*Task directions*
Write out every line of the material as it stands, apart from the pictures.

━━━━━━━━━━━━━━━━━━━━━━━━━━━━━━

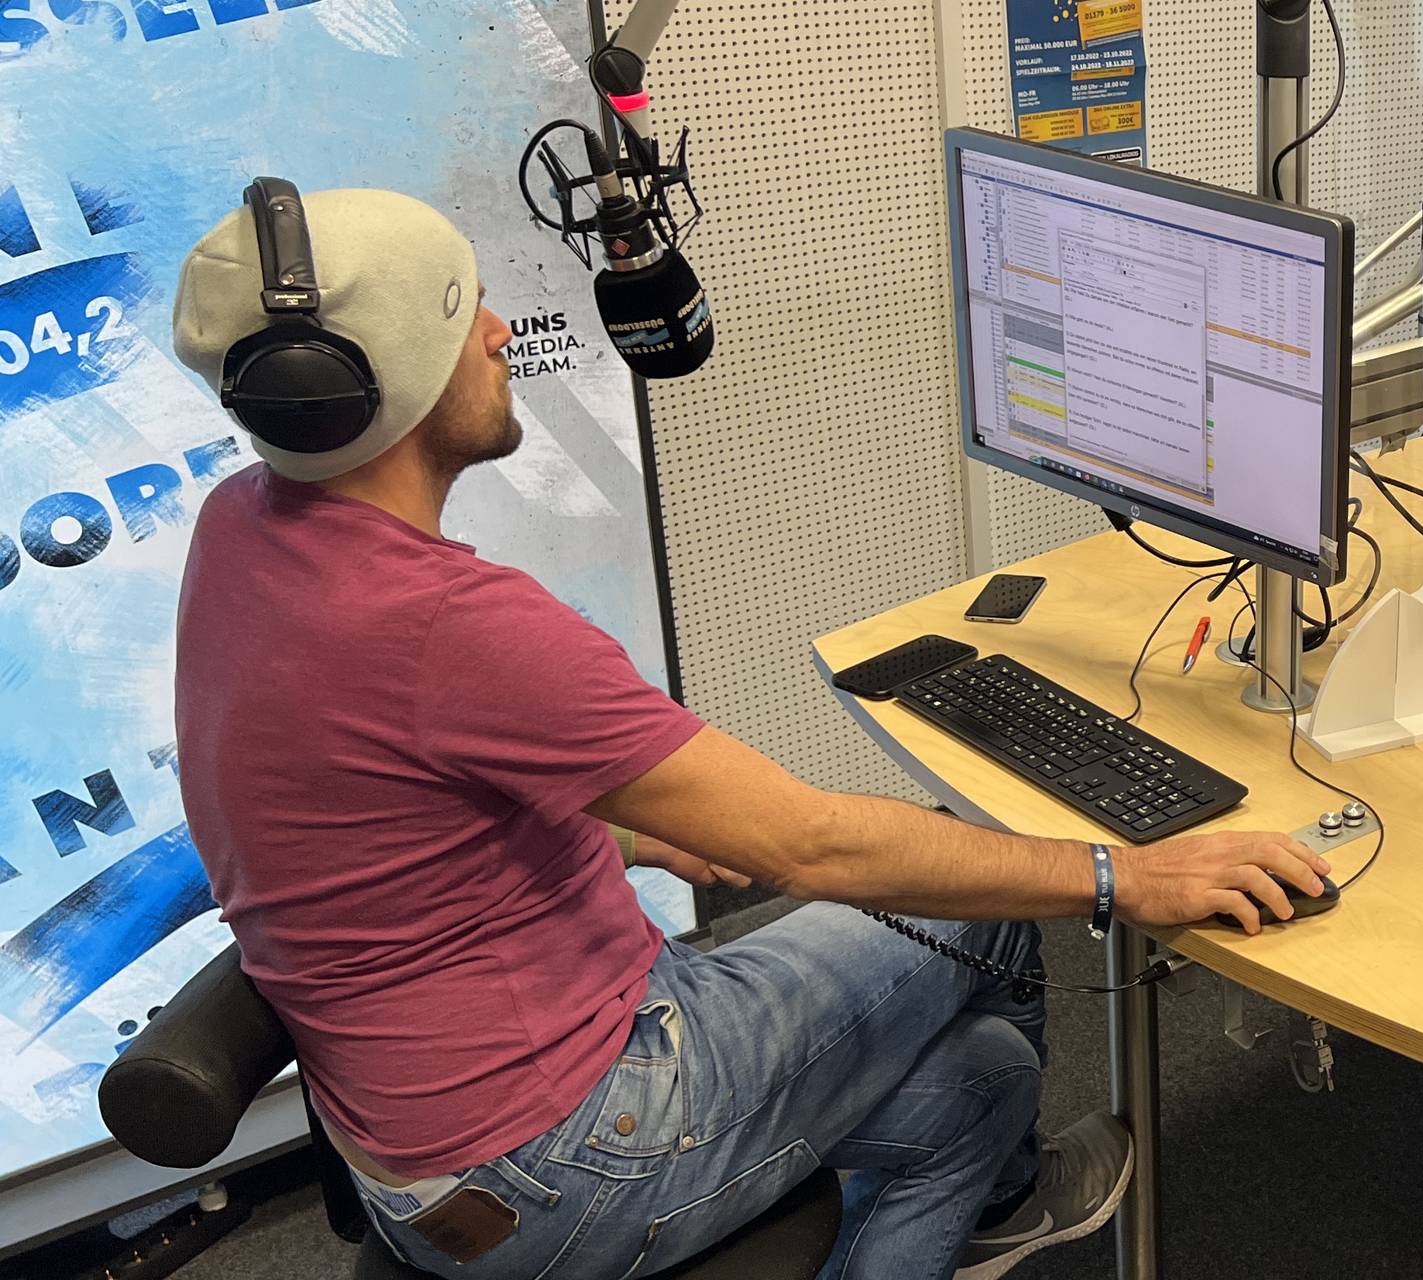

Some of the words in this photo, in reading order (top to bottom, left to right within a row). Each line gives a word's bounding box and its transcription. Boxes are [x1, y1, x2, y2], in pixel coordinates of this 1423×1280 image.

[510, 312, 567, 337] UNS
[506, 335, 586, 360] MEDIA.
[509, 356, 576, 380] REAM.
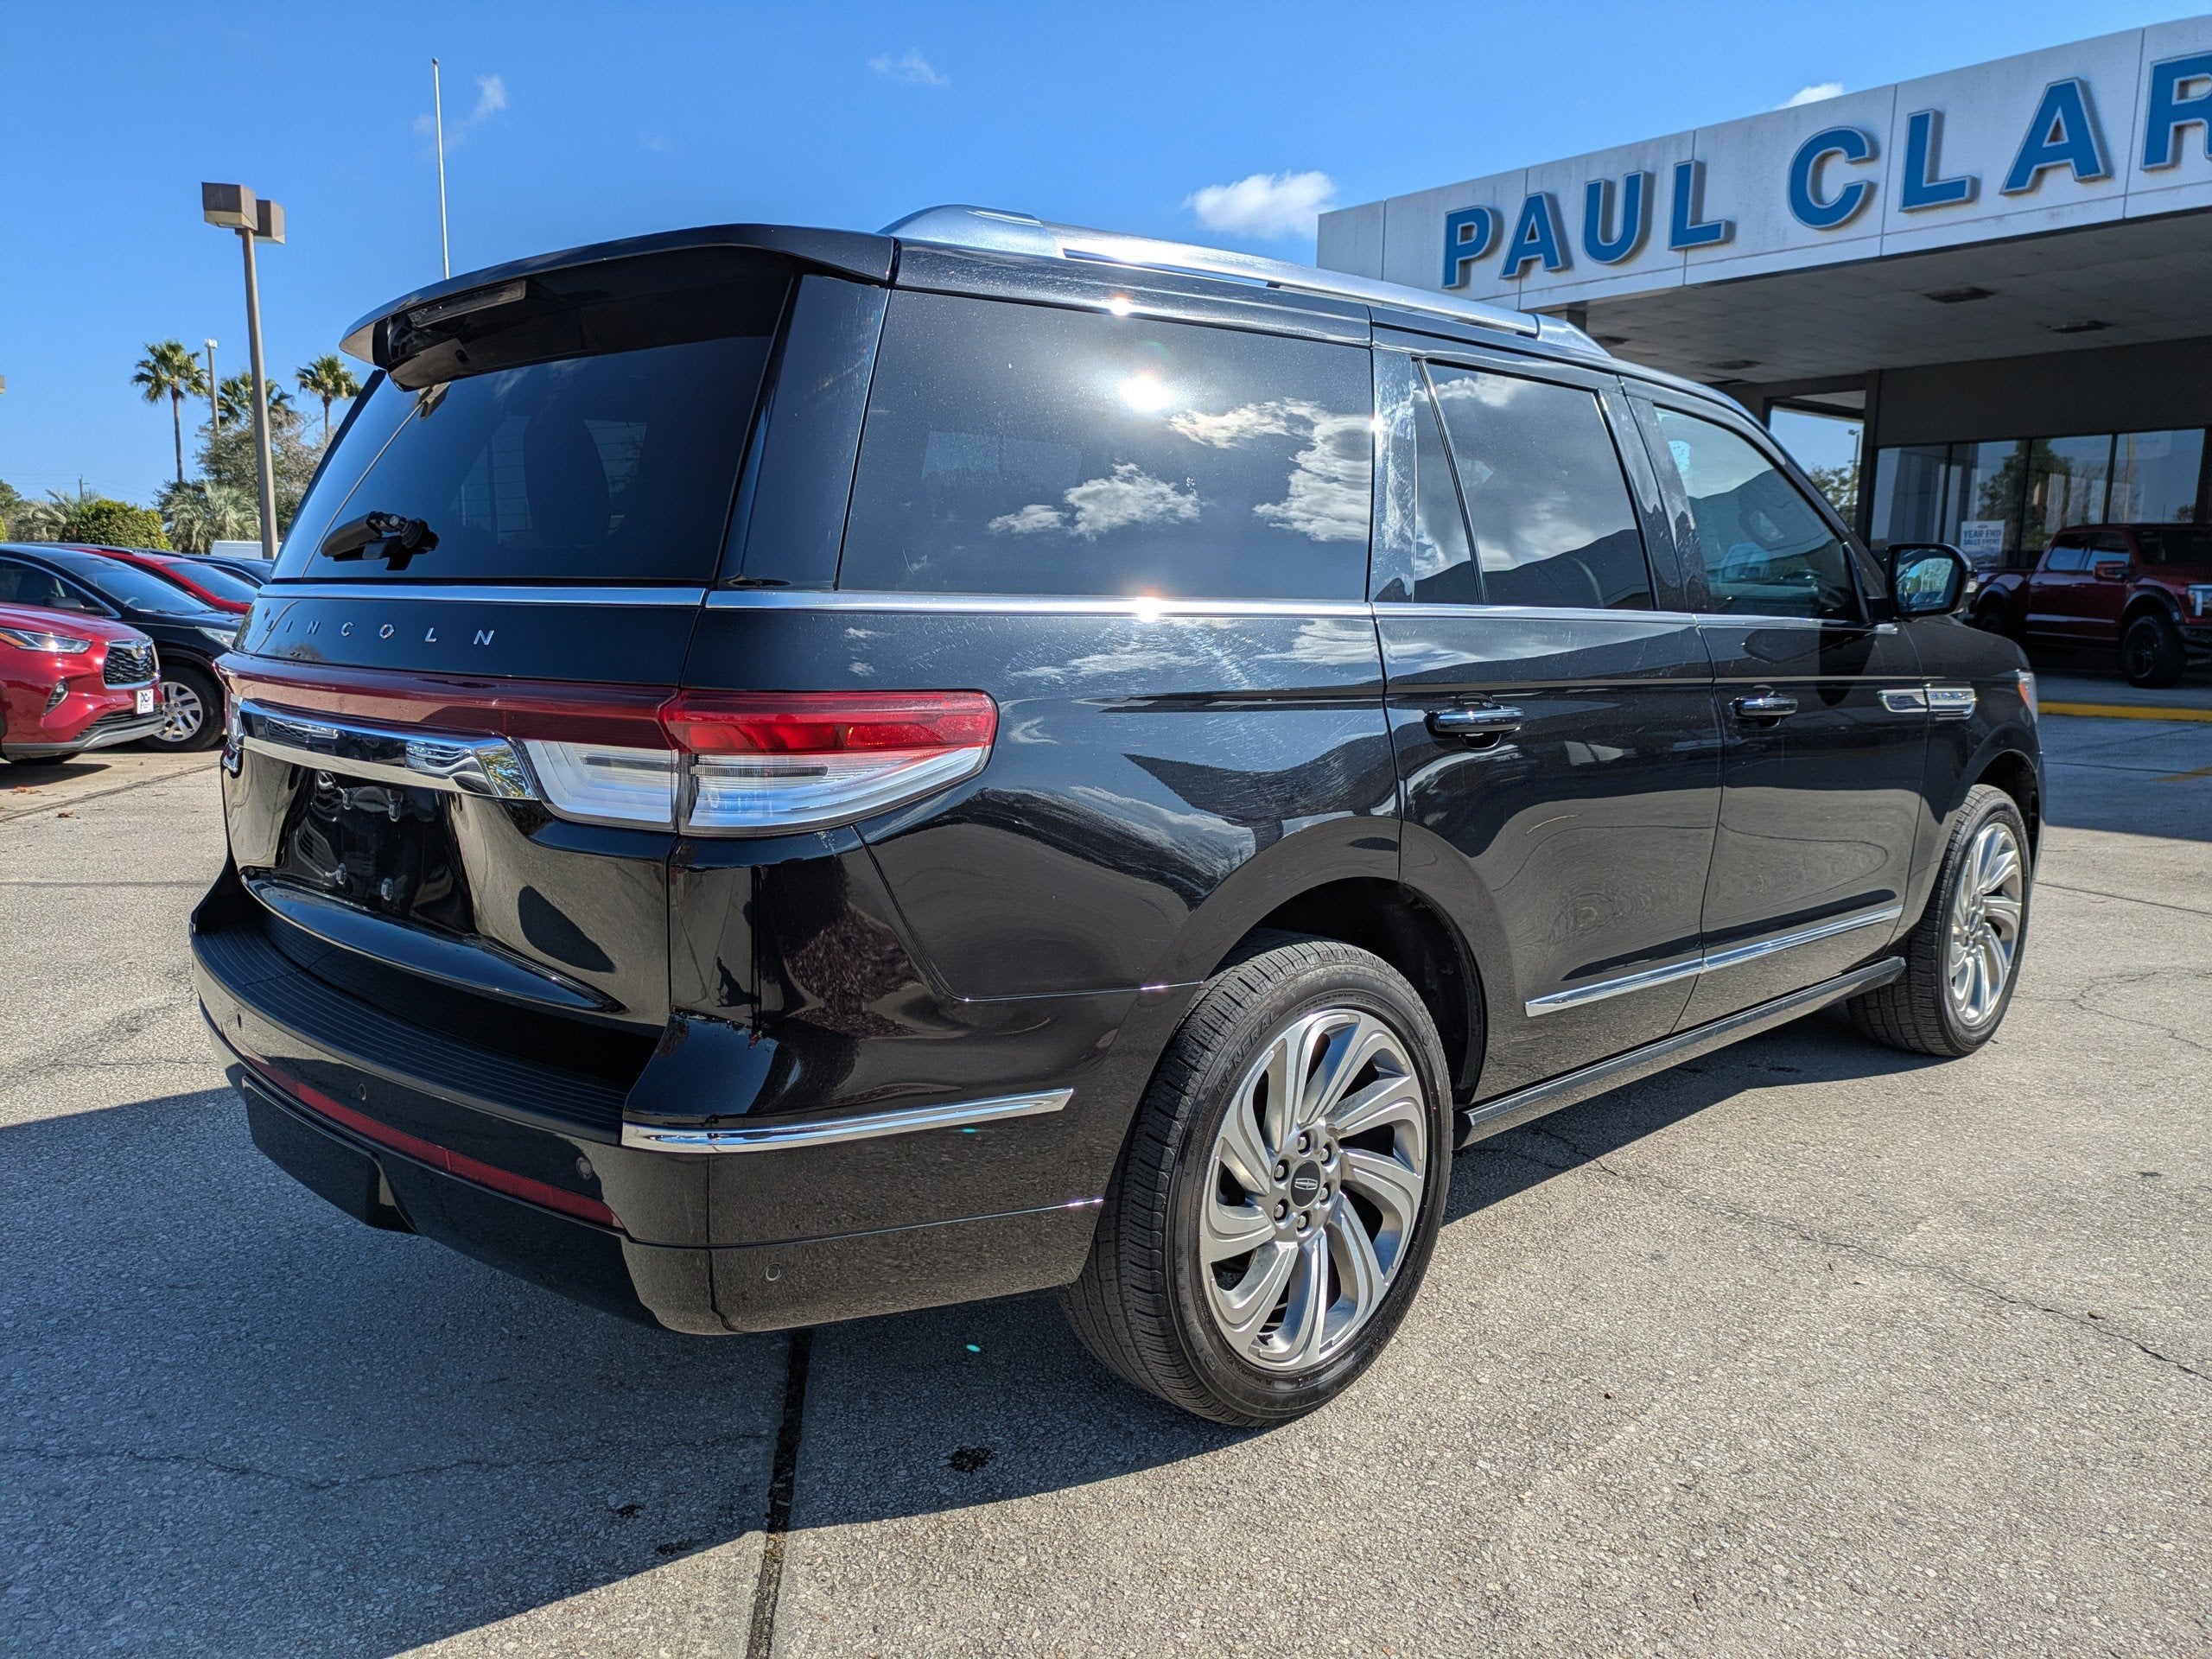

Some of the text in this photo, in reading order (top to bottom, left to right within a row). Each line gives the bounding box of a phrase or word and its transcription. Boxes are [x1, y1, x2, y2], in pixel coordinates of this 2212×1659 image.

━━━━━━━━━━━━━━━━━━━━━━━━━━━━━━

*Answer box*
Some of the words in this photo, in reading order (top to bottom, left to right within a row). Each line gives a word's bounding box and its transcription. Boxes are [x1, y1, x2, y2], in pixel coordinates of this 1423×1280 image.

[510, 312, 567, 337] UNS
[506, 335, 586, 360] MEDIA.
[509, 356, 576, 380] REAM.

Some of the text in this photo, in reading order (top to bottom, left to right within a row). Each line gives the bounding box of a phrase or word and its transcription. Boxes are [x1, y1, x2, y2], in pixel coordinates of this 2212×1659 image.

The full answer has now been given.